Make sure your dune-project file includes a (package ...) stanza, and that your libraries are properly documented using OCaml comments (** your comment *).

You can see generate the doc for the toy project here

NB: You will find all complementary information in the official docs 👈.

After building, you can view the generated docs:

$ open _build/default/_doc/_html/index.html

This is great for checking your module interfaces or publishing documentation online.

dune exec --

This command is used to run executables defined in your project.

So, something like:

$ dune exec -- ./helloer.exe
Hello OCamlers!!                   
$ dune exec -- ./helloer.exe --gentle
Welcome my dear OCamlers.          

This tells dune to build the executable if necessary, then run it. The -- separates the dune options from the executable and its arguments. The first item after -- is the executable to run

This can be:

• A relative path to a built target, so: dune exec -- ./path/to/executable
• A public name of an installed executable, meaning: dune exec -- ./helloer.

All additional arguments after the executable name (like --gentle) are passed to the executable itself.

Essentially, dune exec -- COMMAND behaves the same way as calling dune install first and then COMMAND sequentially.

NB: If you'd like to copy the executable to your project root (outside _build/), you can add (promote (until-clean)) to your executable stanza.

Great, our little project builds and runs smoothly, now onto testing it.

Test your project with Dune

In our helloer project, we use the alcotest library on our internal helloer_lib. This is quite standard. However testing the executable itself can be done without depending on an external tool with the help of cram tests.

Cram tests

Dune supports a special kind of test called a cram test, inspired by the original Cram, which checks that command-line examples produce the expected output.
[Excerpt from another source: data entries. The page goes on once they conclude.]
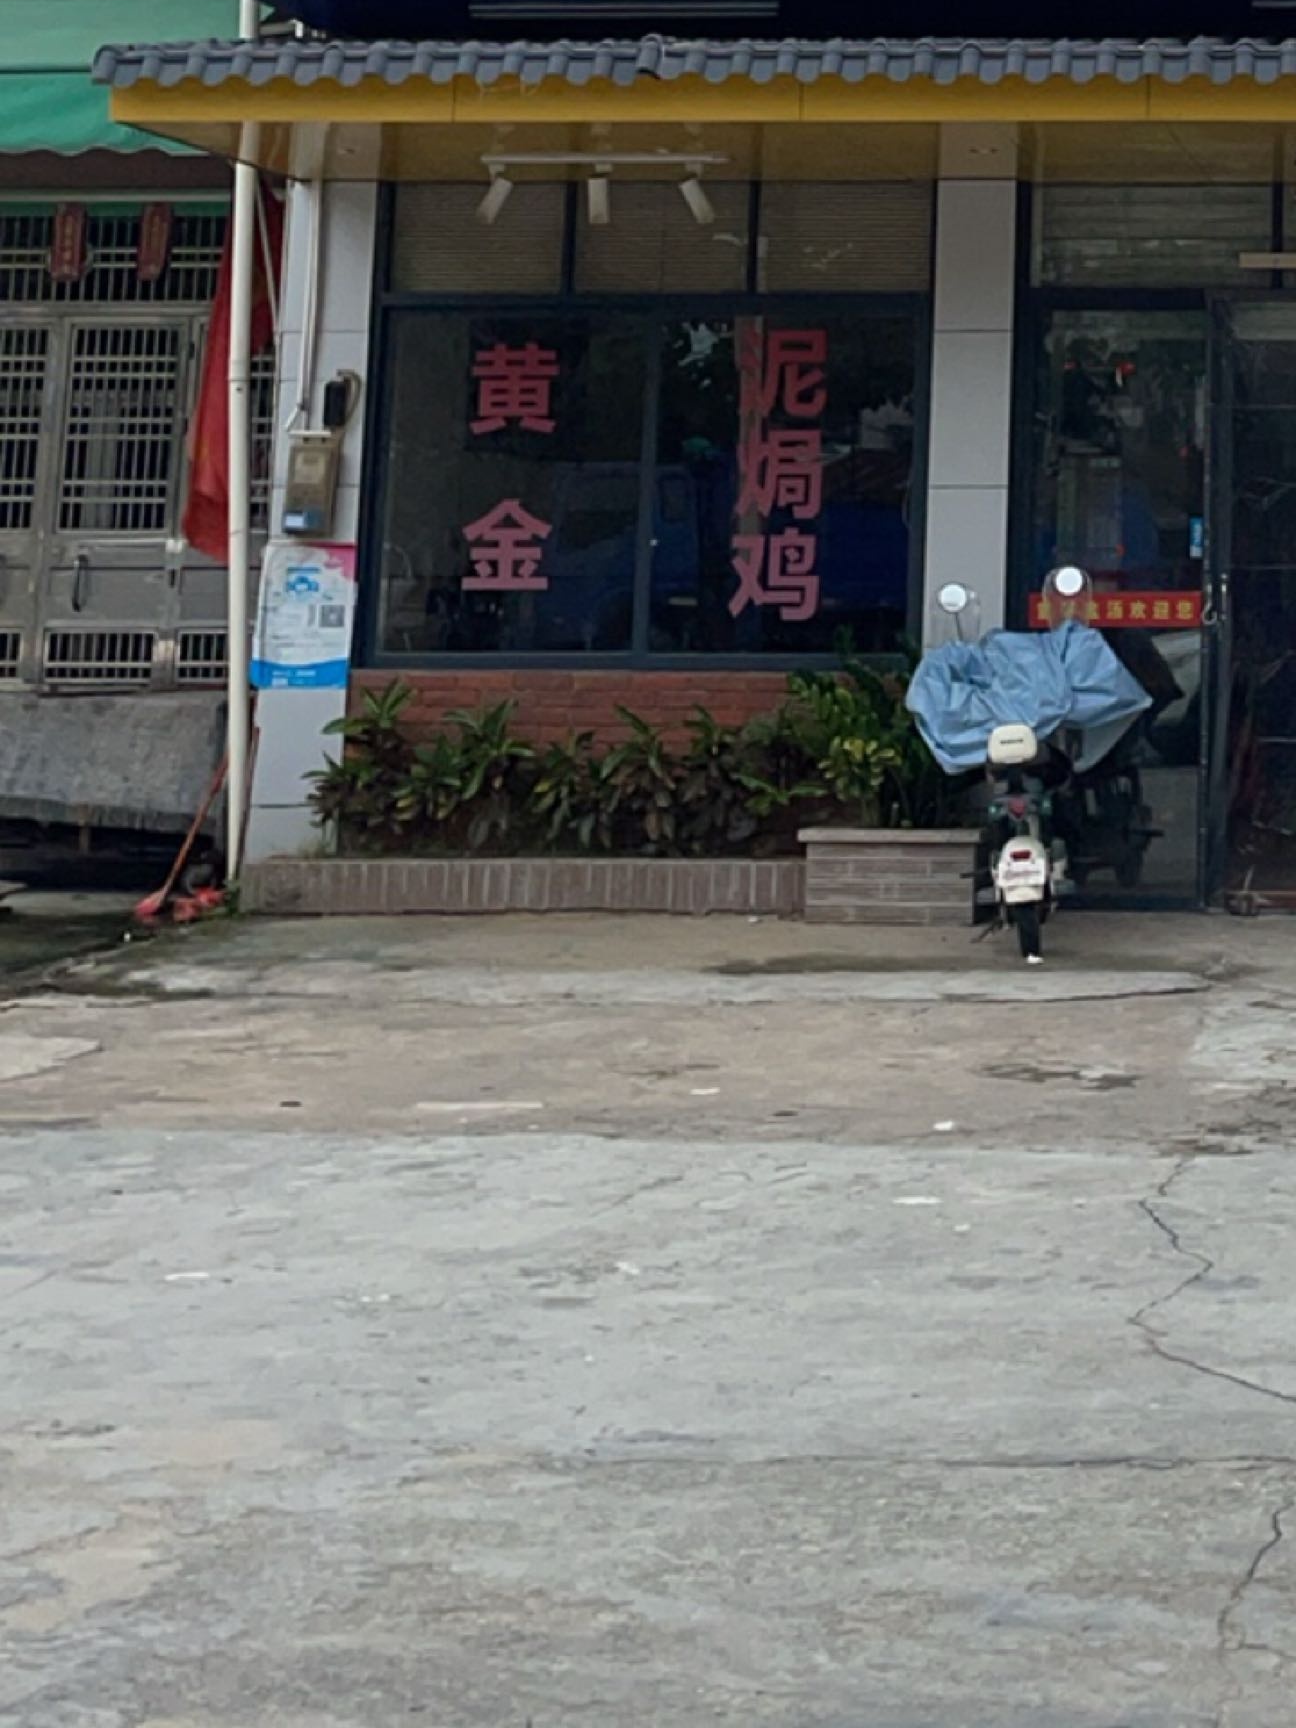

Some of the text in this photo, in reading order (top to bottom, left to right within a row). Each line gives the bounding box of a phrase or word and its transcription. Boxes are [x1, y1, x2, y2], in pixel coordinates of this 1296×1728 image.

[461, 341, 561, 593] 黄金
[728, 328, 828, 622] 泥焗鸡
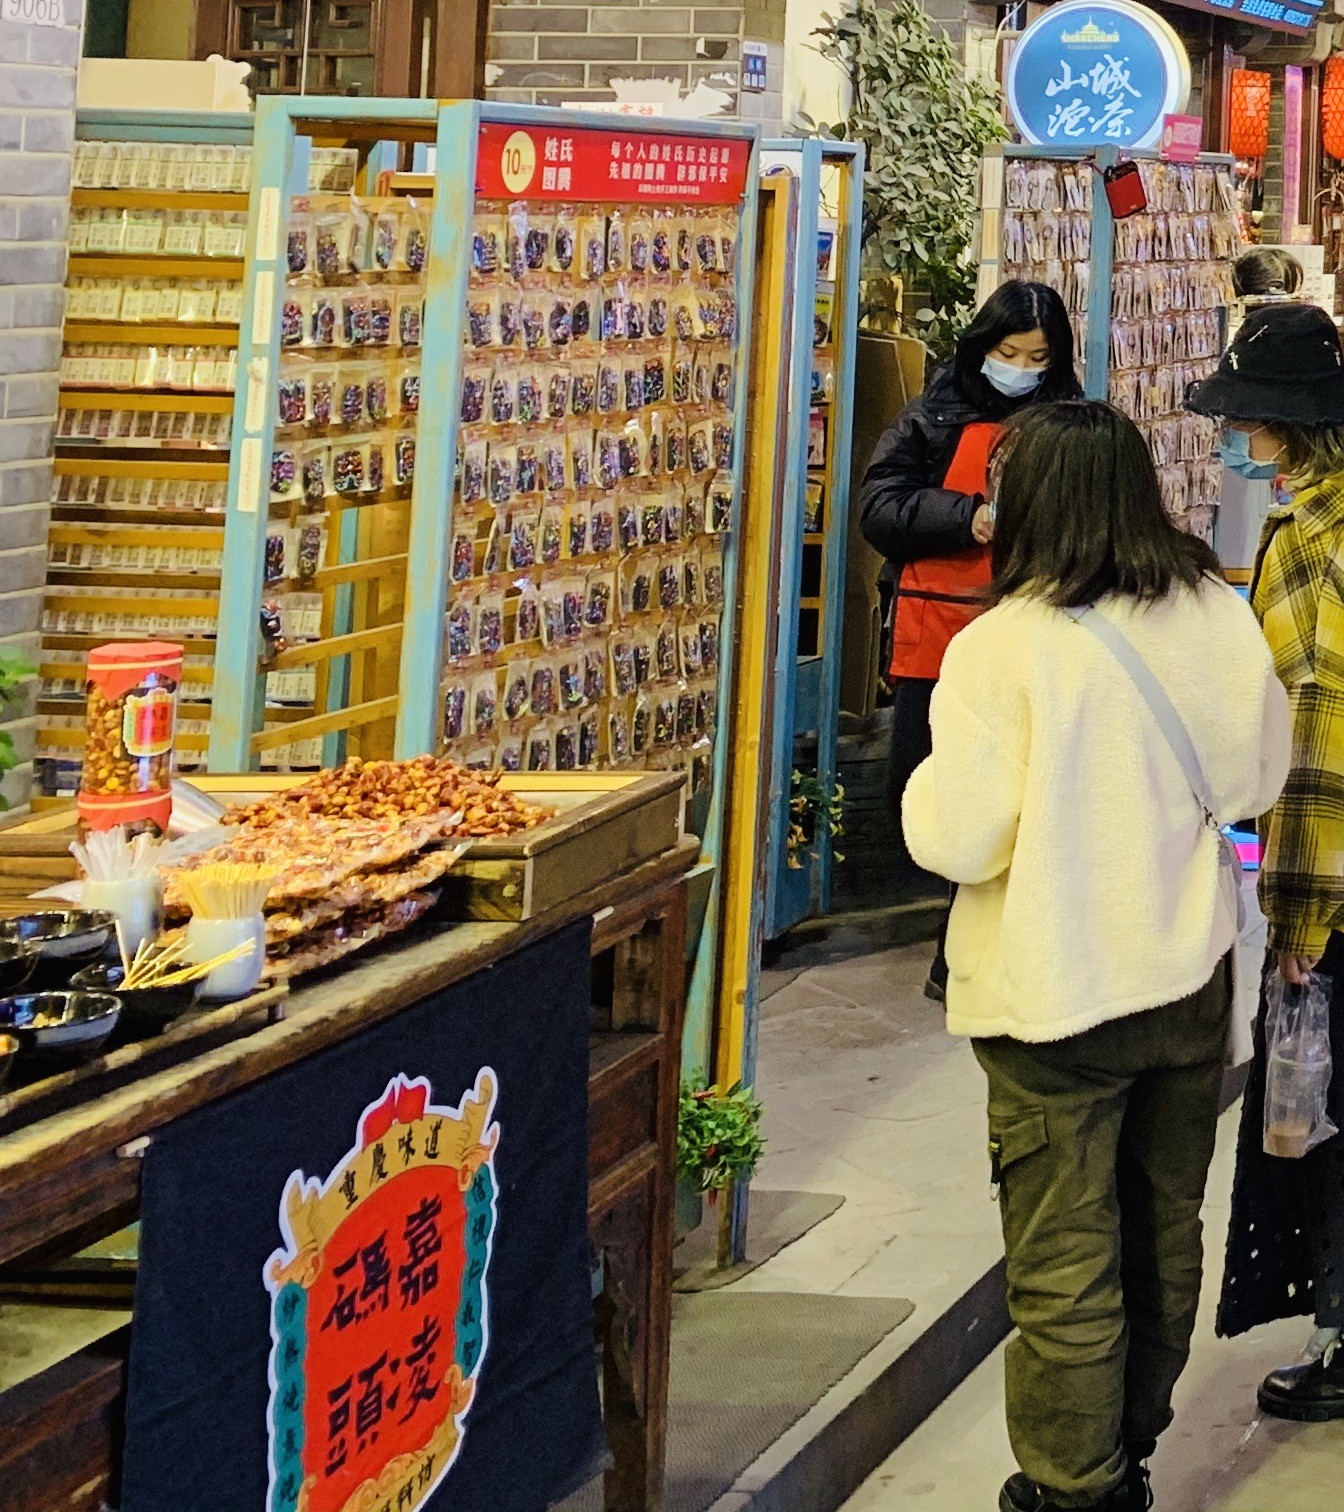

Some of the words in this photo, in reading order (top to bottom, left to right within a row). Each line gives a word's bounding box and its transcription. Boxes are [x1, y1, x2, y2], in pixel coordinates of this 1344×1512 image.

[1045, 53, 1141, 98] 山城
[1047, 93, 1134, 138] 泡茶
[543, 136, 574, 162] 姓氏
[541, 166, 573, 192] 图腾
[608, 162, 666, 181] 先祖的图腾
[338, 1117, 444, 1211] 重慶味道
The "expected output" is the shell-session itself and whatever your executable prints, during its test run for that specific call, is checked against it.

To create a cram test, you just write a .t file that contains a succession of shell-like sessions separated by empty newlines like so:

$ helloer
Hello OCamlers!!

$ helloer --gentle
Welcome my dear OCamlers.

How it works:

• it runs the commands in .t files;
• it compares what is printed to stdout by our binary to the expected output written in the cram file;
• fails if the outputs differ. However, you can use dune promote whenever you wish to replace all the failed tests with the new output, which will most often happen when you make changes to your binary's printing to stdout.

You can test it here.

dune runtest

You can run all your tests using:

$ dune runtest

• it builds test targets defined in your project;
• it looks for files ending in .t or .ml files marked as tests;
• it executes the tests, often using expect style testing (like ppx_expect or alcotest).

It's quite straightforward: if you have an inline_tests stanza or an expect test, it will run them and tell you if anything failed.

For example, a valid cram test will output something like:

$ dune runtest
Testing `Tests'.                 
This run has ID `N39NJ5ZE'.

  [OK]          messages          0   normal.
  [OK]          messages          1   gentle.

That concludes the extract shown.